I am trying to understand SVMs in depth watching lectures from MIT.
The professor to reduces the classification problem into an optimization problem. To do that, he first defines the decision and margin boundaries as following:
Note that $\frac1{||\theta||}$ is the distance between the margin boundaries and the decision boundary ($\gamma_i$ is just the signed distance, but we don't care for this question).

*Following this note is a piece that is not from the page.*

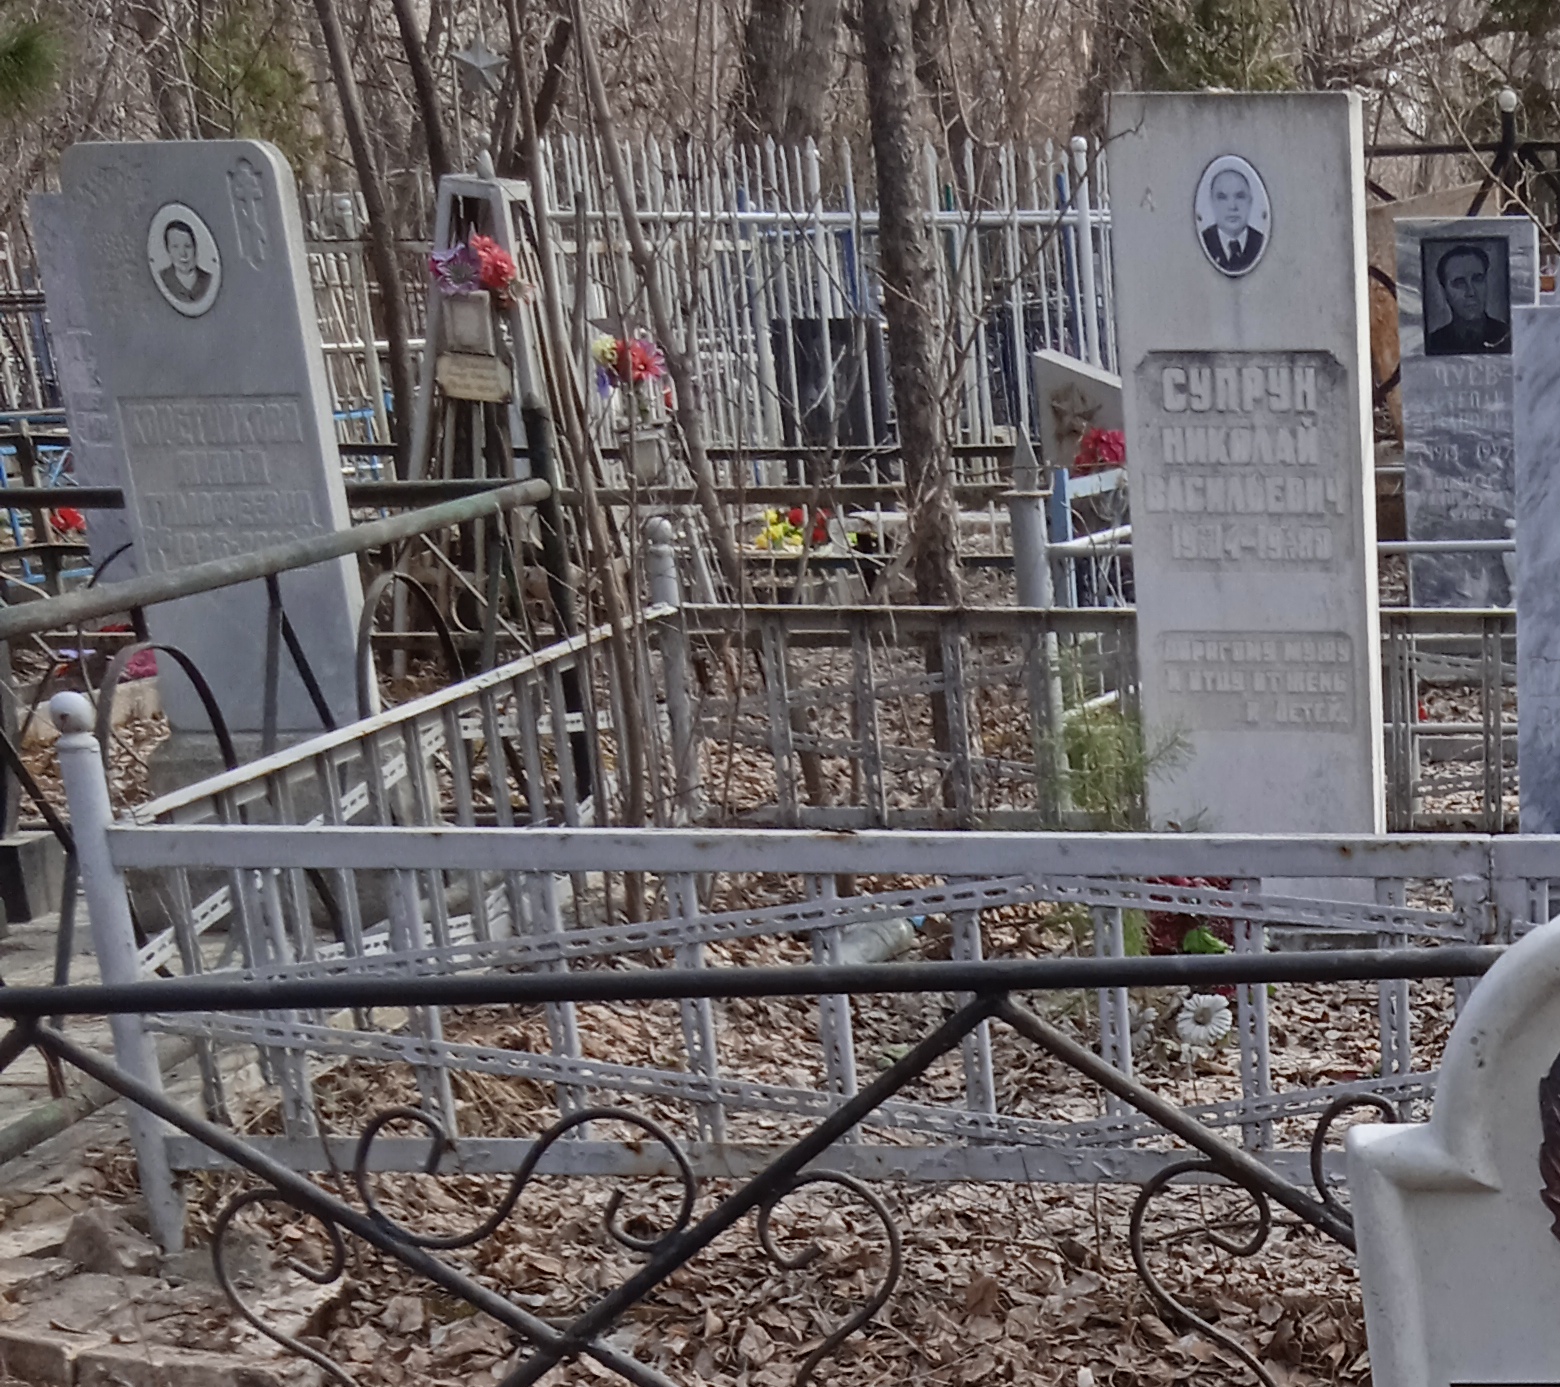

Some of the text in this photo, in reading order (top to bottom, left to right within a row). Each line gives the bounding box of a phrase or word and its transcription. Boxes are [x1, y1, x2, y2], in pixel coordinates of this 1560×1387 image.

We then proceeds to note that our goal is:
- To maximize $\frac1{||\theta||}$
- while minimizing the Hinge Loss
Now, it is apparent that these two terms will co-exist in the objective function we are trying to form $(1)$.
The Objective Function $$\text{minimize } J(\theta,\theta_0) = \frac1n \sum_1^n \text{HingeLoss}(\theta,\theta_0) + \frac{\lambda}{2} ||\theta||^2 \quad (1) $$
Given the fact that he wants to create a minimization problem he describes the maximization of the distance to be equal to the minimization of it's inverse squared divided by 2, i.e: $$\max\frac1{||\theta||}=\min \frac{ ||\theta||^2}{2}$$
This does not make sense, as far as I can understand. In my mind this is the correct way of doing it:
$$\max\frac1{||\theta||}=\min||\theta||$$
Why did he insert a square and a division into the equation?